Richard P. Feynman was born in 1918 in Brooklyn; in 1942 he received his Ph.D. from Princeton. Already displaying his brilliance, Feynman played an important role in the development of the atomic bomb through his work in the Manhattan Project. In 1945 he became a physics teacher at Cornell University, and in 1950 he became a professor at the California Institute of Technology. He, along with Sin-Itero and Julian Schwinger, received the Nobel Prize in Physics in 1965 for his work in the field of quantum electrodynamics.
Another great achievement of Dr. Feynman’s was the creation of a mathematical theory that accounts for the phenomenon of super fluidity in liquid helium. Along with Murray Gell-Mann, Feynman did fundamental work with weak interactions like beta decay. Years later, Dr. Feynman was an important part of the development of quark theory by putting forward his parton model of high-energy proton collision processes. Furthermore, Dr.
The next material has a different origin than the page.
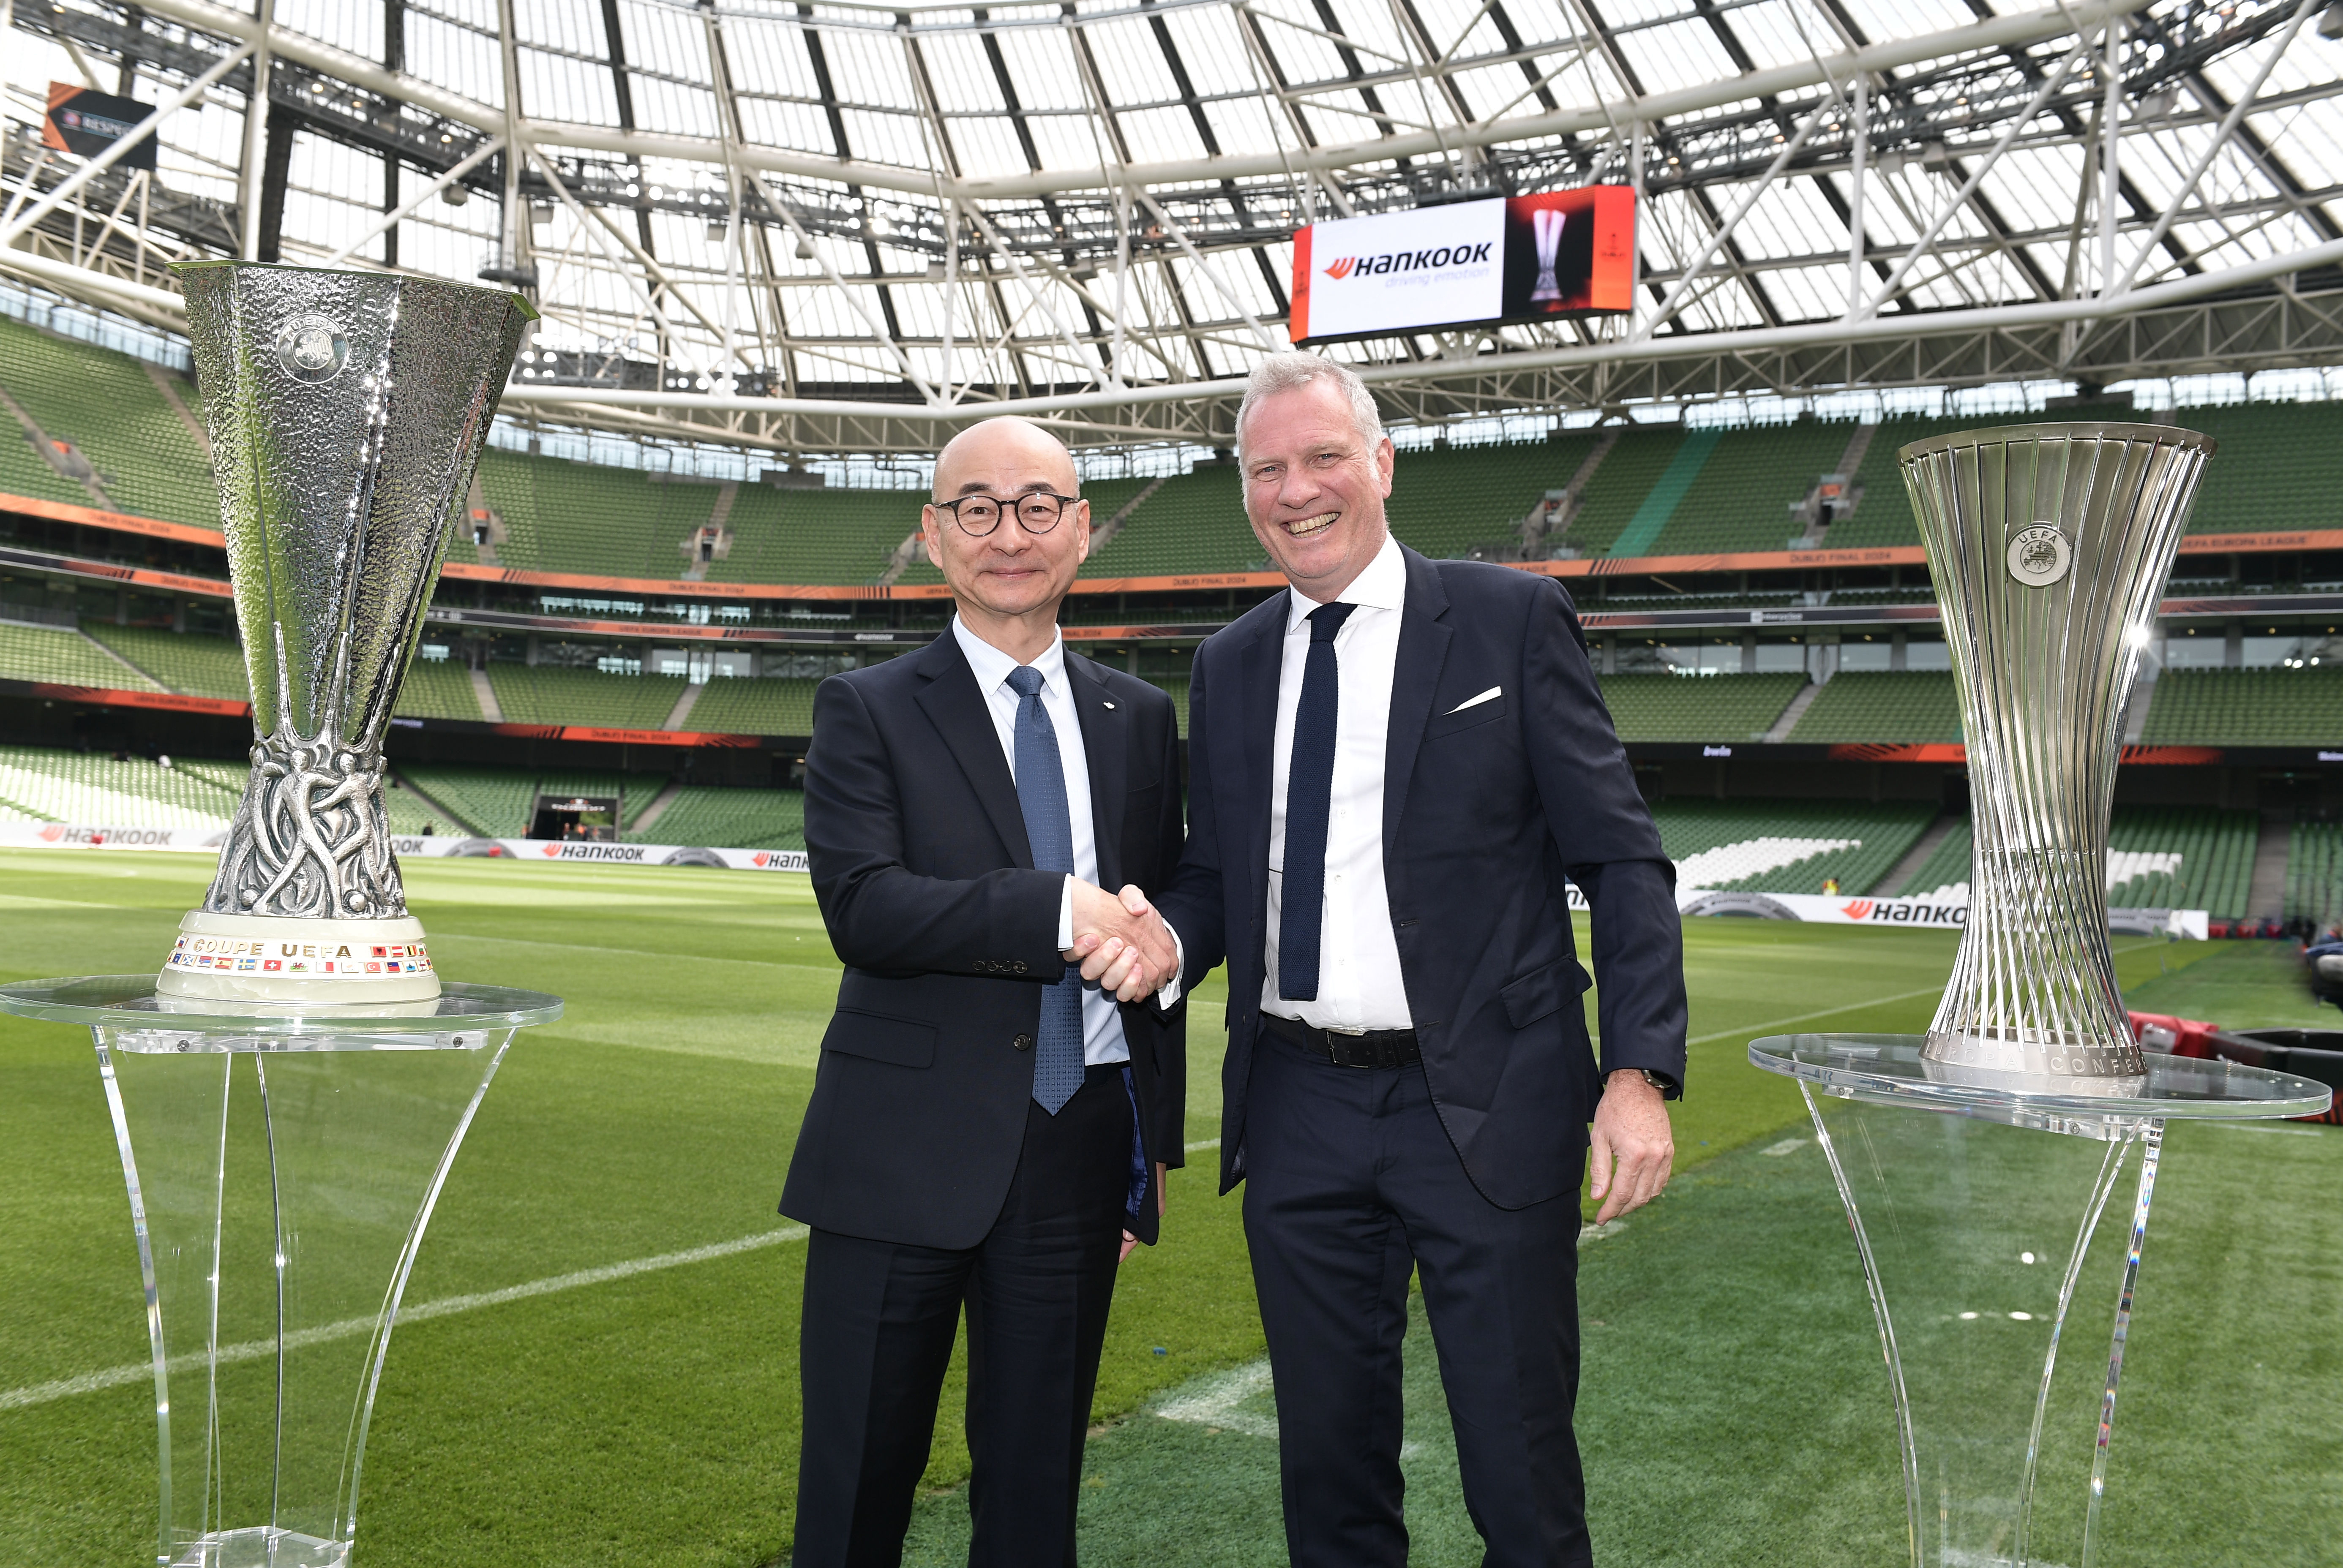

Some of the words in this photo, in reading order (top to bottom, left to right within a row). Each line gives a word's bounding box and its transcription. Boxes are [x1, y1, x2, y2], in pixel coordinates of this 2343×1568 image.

Feynman introduced new computational techniques and notations into physics, most importantly, the Feynman diagrams that perhaps more than any formality in recent scientific history, have altered how basic processes of physics are calculated and conceptualized.
Feynman was considered a superb teacher, and received many awards and honors, the one he admired most being the Oersted Medal for Teaching, which was awarded to him in 1972. Critics and fellow scientists around the world held many of his publications in high esteem, and his some of his works were written for the general public, so that all people might have an opportunity to grasp the basic concepts of physics. His more advanced writings have become important assets to researchers and students; some of his works have even made their way into textbooks.
Another of his most famous contributions is his work in the Challenger investigation when it crashed in 1986. His notorious demonstration of the O-rings to cold was during this research, an experiment that required no more than a glass of ice water. However, less known to the public was Feynman’s efforts on the California State Curriculum Committee in the 1960’s when he fought against the mediocrity of current textbooks. Sadly, Richard Feynman died on February 15, 1988, in Los Angeles.
Six Easy Pieces is a compilation of six of Dr. Feynman’s lectures all dealing with the easier aspects of physics. These lectures come from the famous Lectures on Physics that contains all of the lectures that Dr. Feynman used to teach his students at Caltech University. Feynman was different from most physics teachers of his time, he was a revolutionary; he taught an approach that was less mathematical and more theoretical, but many feel he makes it easier to learn the concepts. His diagrams, famous throughout the science world, detail his every word and give visual assistance to the struggling student.
As the book progresses from chapter to chapter, Feynman takes the reader deeper into the heart of physics, while still relating each concept to something that the general public will understand. His use of analogies and thorough explanation makes the material easier to comprehend. Still, the book is by no means easy reading; only through careful analysis and attentiveness was I able to grasp the messages that Feynman was attempting to convey. In the sixth chapter, “Quantum Behavior,” Feynman gives the reader a taste of his passion, as he expounds on the field with which he devoted much of his career to.
Obviously, Feynman wanted to use this novel to educate the minds of people who have some interest in the field of science. He wanted to give the reader a taste of what physics has to offer; he does not intend to teach the reader everything about physics, even he says that there is too much material to teach it all to a student in even four years of college. Still, there is more than enough information for the reader to gain a general idea of what can be learned through physics, Feynman is attempting to entice his readers to go out and learn more and not just stop with what this one book provides them.
Clearly stated in his introduction, Feynman says that these lectures are designed to, “Maintain the interest of the very enthusiastic and rather smart students coming out of the high schools and into Caltech.”